Toward an Energy-Optimized Operation of Data Centers Located in Wind Farms Using Reinforcement Learning

2026-06-29Machine Learning

Machine Learning
AI summary

The authors explore using Reinforcement Learning (RL) to manage shifting computer workloads in data centers powered by wind turbines. They created a simulation that models wind and electricity prices to test how well RL can make decisions without knowing the full day ahead. They found that basic RL struggles to use free wind energy effectively early on and tested two methods—Imitation Learning and Reward Shaping—to improve performance. While the RL methods improved, there is still a gap compared to an ideal optimizer that plans with full future knowledge. Their work sets a foundation for studying more complex systems with multiple data centers and continuous decisions.

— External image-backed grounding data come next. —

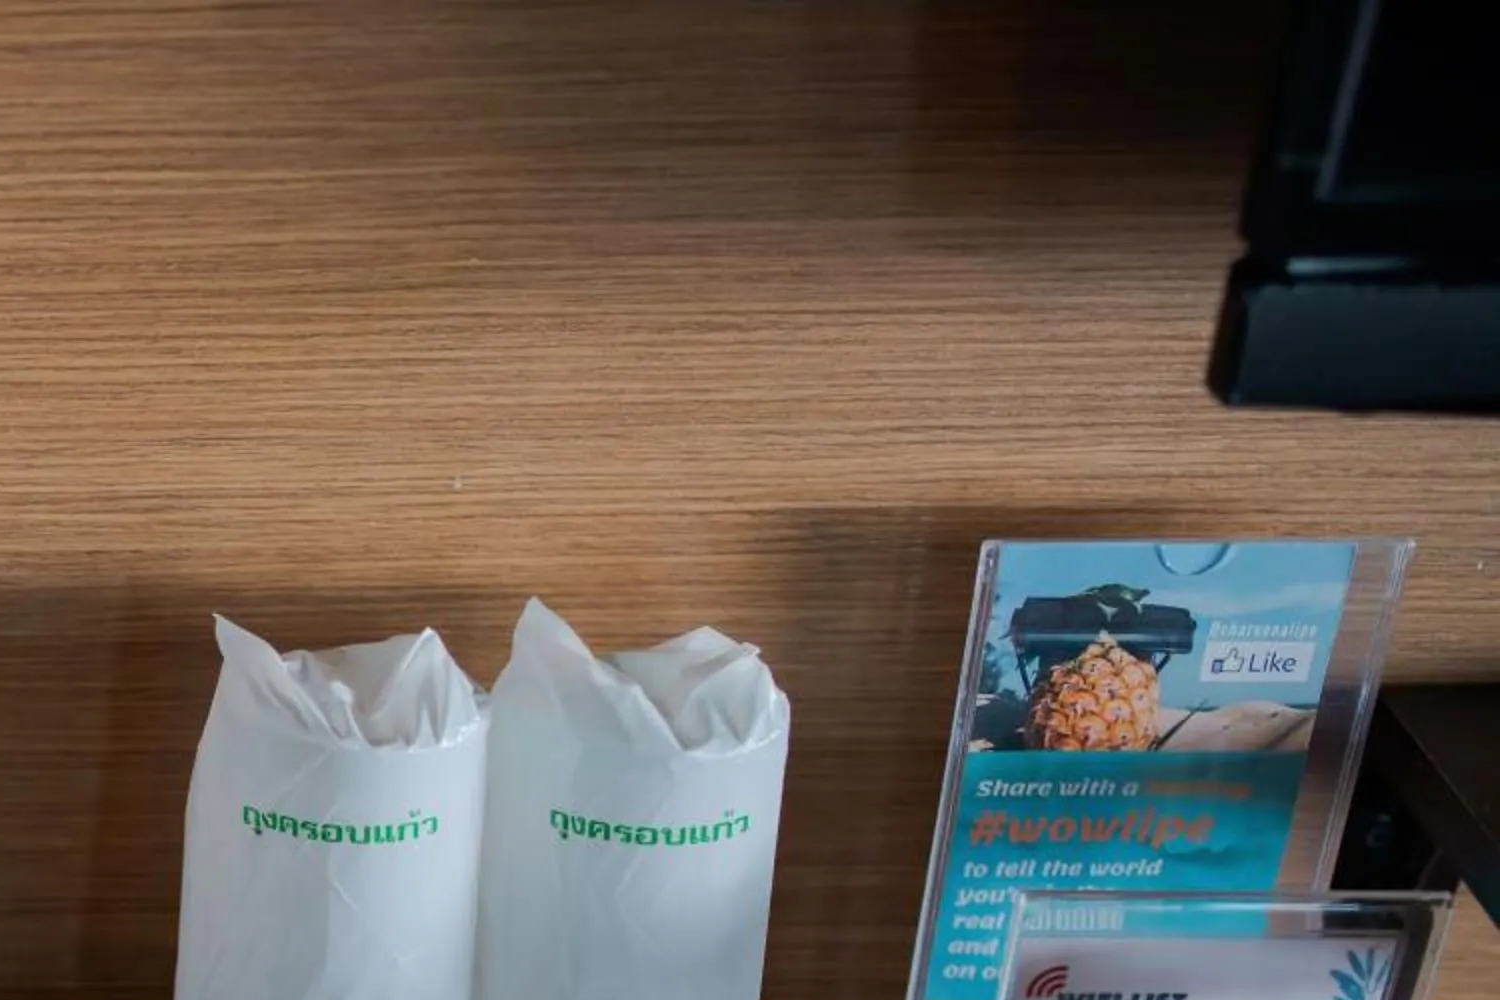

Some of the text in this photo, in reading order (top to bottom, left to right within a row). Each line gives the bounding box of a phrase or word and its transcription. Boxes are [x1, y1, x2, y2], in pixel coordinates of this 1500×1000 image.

[1248, 650, 1297, 673] Like
[976, 778, 1051, 797] Share
[1059, 777, 1114, 797] with
[1120, 780, 1140, 797] a
[963, 858, 1164, 877] to tell the world
[952, 911, 1005, 930] real
[948, 938, 999, 956] and
[943, 964, 976, 980] on
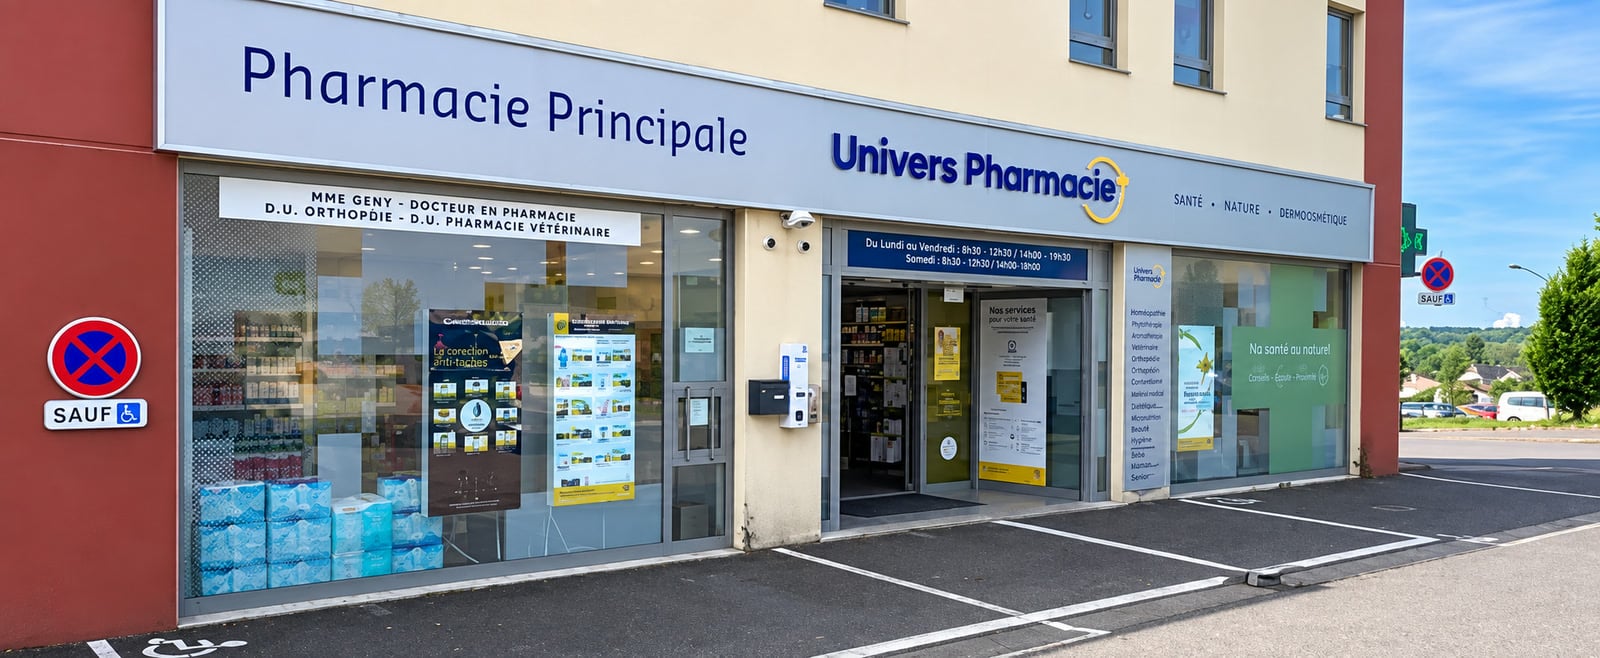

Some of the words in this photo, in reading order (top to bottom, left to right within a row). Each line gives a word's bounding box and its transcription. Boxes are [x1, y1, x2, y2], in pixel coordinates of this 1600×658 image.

[243, 46, 530, 128] Pharmacie
[548, 91, 748, 157] Principale
[832, 132, 958, 184] Univers
[965, 152, 1117, 203] Pharmacie
[311, 192, 346, 205] MME
[352, 195, 393, 208] GENY
[410, 199, 475, 215] DOCTEUR
[481, 206, 498, 216] EN
[503, 208, 576, 223] PHARMACIE
[1174, 193, 1203, 208] SANTÉ
[1224, 200, 1260, 215] NATURE
[265, 203, 298, 216] D.U.
[410, 214, 440, 226] D.U.
[446, 217, 525, 232] PHARMACIE
[530, 221, 611, 238] VÉTÉRINAIRE
[865, 237, 878, 248] Du
[880, 239, 904, 250] Lundi
[906, 242, 917, 250] au
[919, 242, 955, 254] Vendredi
[961, 245, 981, 256] 8h30
[989, 248, 1012, 258] 12h30
[1020, 250, 1042, 260] 14h00
[1049, 252, 1072, 262] 19h30
[905, 253, 936, 265] Samedi
[941, 257, 961, 267] 8h30
[968, 258, 990, 269] 12h30
[1421, 295, 1443, 303] SAUF
[989, 306, 1004, 315] Nos
[1005, 305, 1036, 314] services
[433, 347, 445, 356] La
[1264, 342, 1289, 355] santé
[1290, 345, 1301, 355] au
[53, 406, 112, 423] SAUF
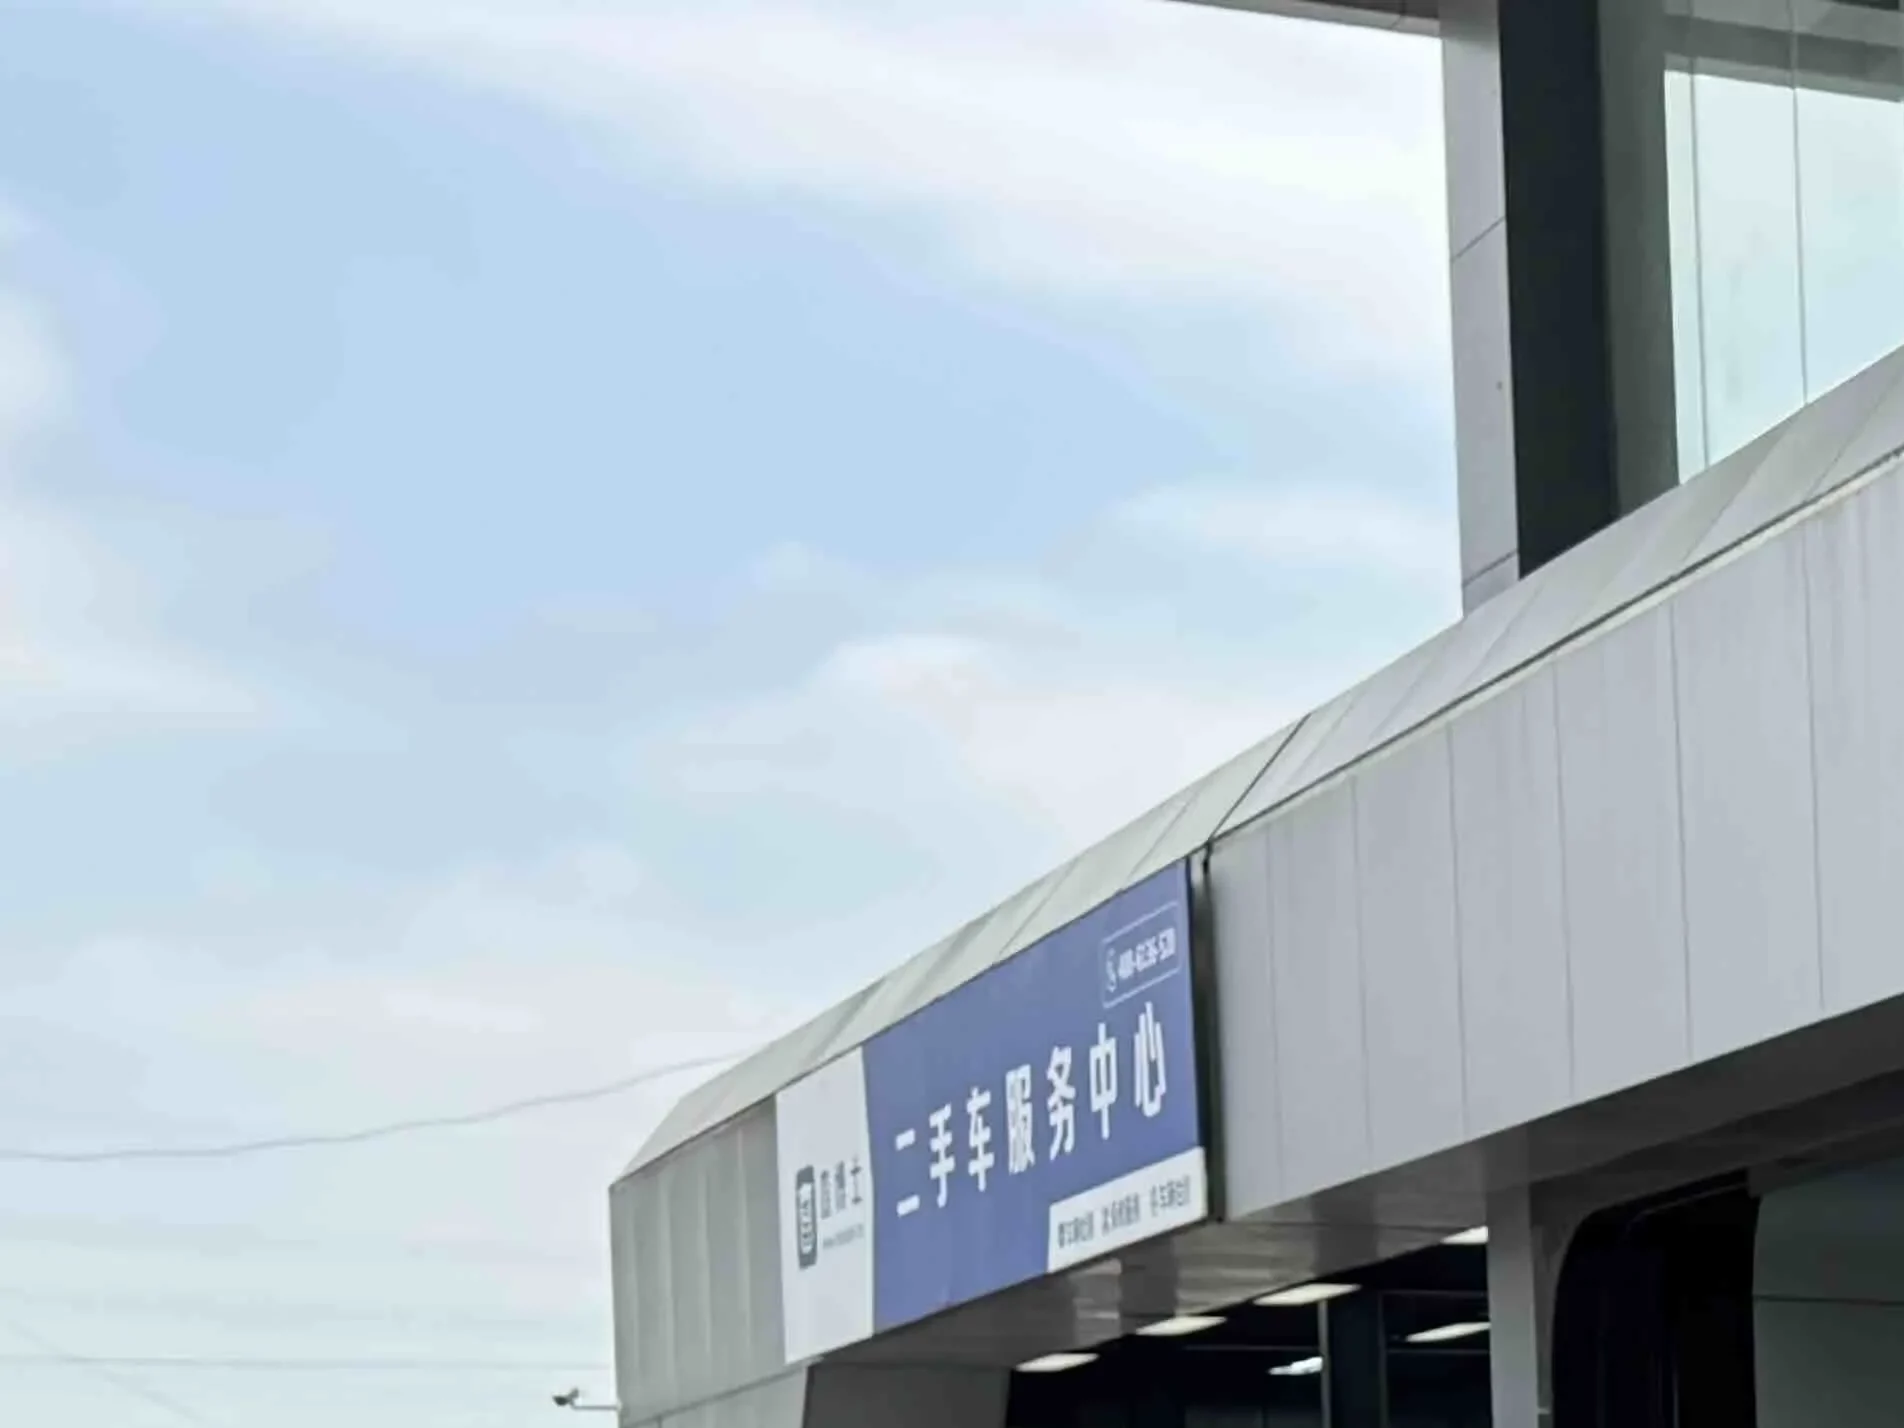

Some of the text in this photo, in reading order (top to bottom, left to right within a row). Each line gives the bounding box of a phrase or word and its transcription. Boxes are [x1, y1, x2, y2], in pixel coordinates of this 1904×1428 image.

[895, 1000, 1167, 1217] 二手车服务中心

Reinforcement LearningHigh-Performance ComputingWind EnergyWorkload ShiftingImitation LearningReward ShapingProximal Policy OptimizationSoft Actor-CriticOnline ControlSimulation Framework
Authors
Jan Stenner, Alexander Kilian, Sebastian Peitz, Hermann de Meer
Abstract
This paper studies Reinforcement Learning as an online controller for curtailment-aware workload shifting in wind-turbine-integrated high-performance computing (HPC) data centers. We introduce a reproducible fixed-day simulation framework with synthetic wind and price signals and delayed completion feedback, designed to be extensible toward more complex scenarios. As a controlled benchmarking basis, we then focus on the minimal case with one wind turbine and one co-located data center. In this setting, pure Reinforcement Learning exhibits a pronounced credit-assignment problem and tends to underuse free wind energy early in the day. We therefore evaluate two complementary countermeasures: optimization-based Imitation Learning and potential-based Reward Shaping. Across multi-seed training and a 200-day test set, Proximal Policy Optimization (PPO) and a Soft Actor-Critic (SAC) variant with an additional on-policy update routine achieve strong empirical performance among learned policies, and both Imitation Learning and Reward Shaping provide improvements in relevant configurations. A performance gap to the optimizer remains, which is expected: the optimizer plans offline with full-day foresight, whereas Reinforcement Learning must decide online from current observations without future realizations. The benchmark and ablation results provide a transparent basis for extending the approach toward richer multi-site and continuous-time scenarios.